SNCM : les grévistes menacés de licenciement

Jeudi 9 février 2012, par Victor Morrisset // SNCM

À la SNCM, le bras de fer se radicalise. Dans une lettre adressée au préfet de Région, Marc Dufour, le président du directoire de la SNCM, demande l’application de l’ordonnance du tribunal de grande instance de Marseille qui autorise le recours à la force publique pour permettre au Corse de rejoindre Toulon. Amarré à la digue du Large depuis le 23 janvier, le navire ne peut en effet appareiller. "Une partie de l’équipage est en grève", explique Frédéric Alpozzo, le porte-parole des marins CGT. "Il n’y a pas de grévistes à bord", rétorque Marc Dufour. Avec Gérard Couturier, le président du conseil de surveillance de la SNCM, il reproche au syndicat de maintenir à bord du Corse"des marins qui n’ont plus rien à y faire".

"Nous demandions une réunion du conseil de surveillance : nous l’avons enfin obtenue"

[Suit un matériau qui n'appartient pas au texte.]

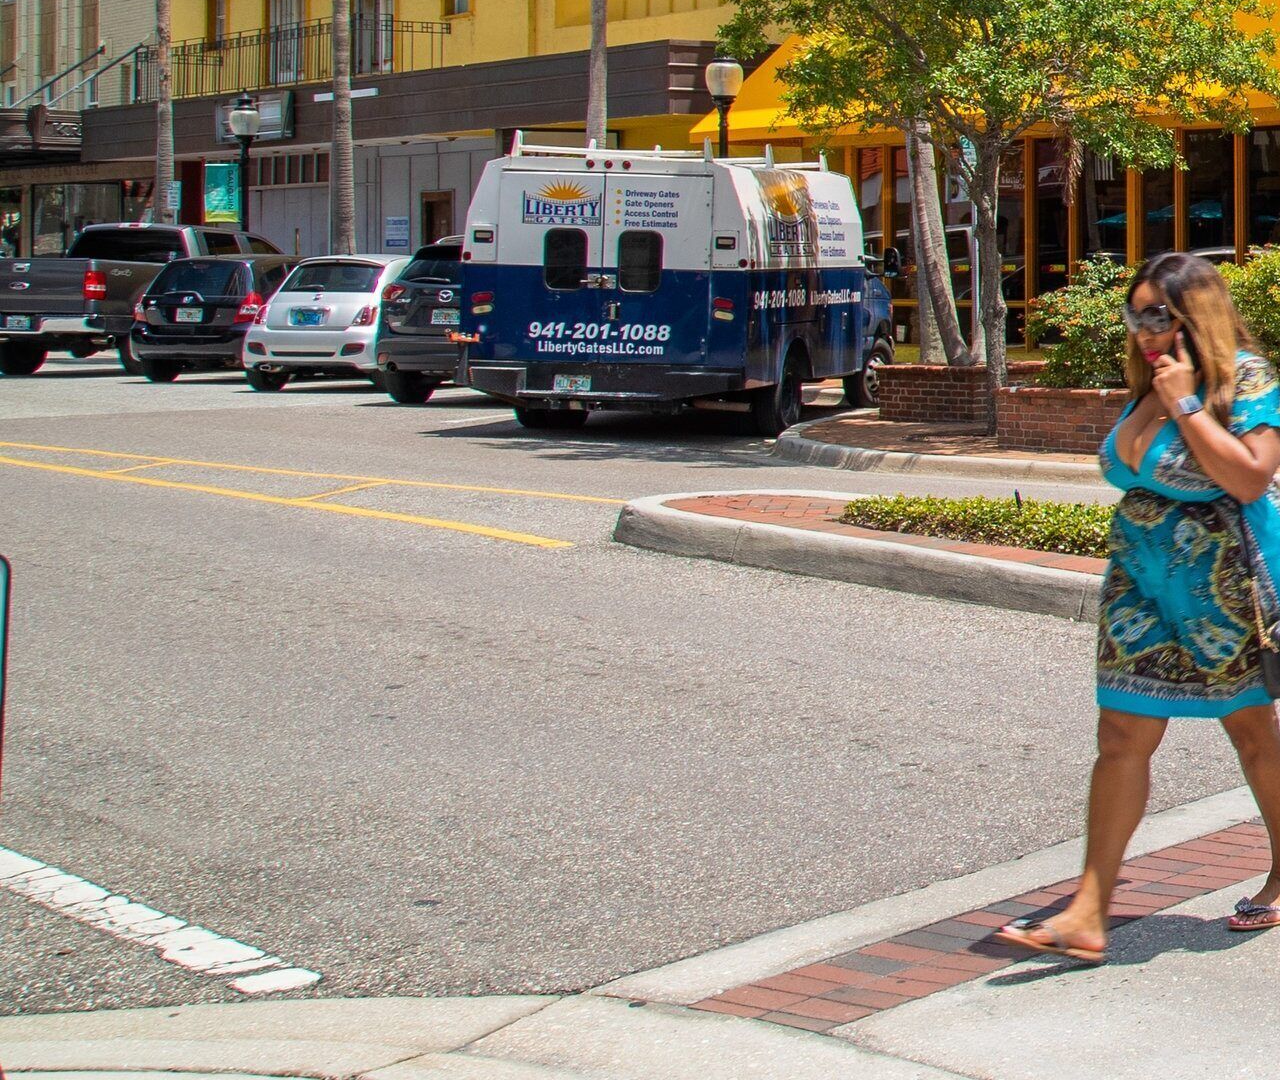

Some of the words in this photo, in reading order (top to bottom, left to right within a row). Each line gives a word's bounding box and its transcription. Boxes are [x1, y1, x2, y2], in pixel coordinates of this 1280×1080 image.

[625, 189, 657, 200] Driveway
[658, 190, 680, 199] Gates
[525, 199, 600, 216] LIBERTY
[624, 199, 643, 208] Gate
[644, 200, 674, 210] Openers
[624, 209, 650, 218] Access
[651, 210, 679, 219] Control
[535, 217, 589, 225] GATES
[624, 219, 641, 228] Free
[642, 220, 678, 229] Estimates
[768, 215, 811, 242] LIBERTY
[754, 289, 807, 310] 941-201-1088
[528, 321, 672, 341] 941-201-1088
[537, 340, 664, 356] LibertyGatesLLC.com

D’où la mise à pied de 17 d’entre-eux, dont Frédéric Alpozzo et le secrétaire général du comité d’entreprise, Marcel Faure. "Nous avons même reçu les lettres de licenciement pour faute lourde. On veut aussi me retirer mon mandat. Je suis flatté de tant d’égard de la part d’un patron voyou", lance Frédéric Alpozzo qui n’entend pas baisser les bras. "Nous demandions une réunion du conseil de surveillance : nous l’avons enfin obtenue. Elle se tiendra le 24 février. C’est-à-dire dans la foulée des réunions de l’Assemblée de Corse prévues pour les 20 et 21 février". Puis de poursuivre : "Il n’y a pas que nous qui sommes étonnés de cette volonté d’ouverture d’une ligne à partir de Toulon sans qu’aucune analyse n’ait été produite. Il me semble que maintenant, il faut reporter ce projet. Il faut que cette ligne soit suspendue et reportée à une date ultérieure pour qu’on y voit clair et que tout s’apaise enfin".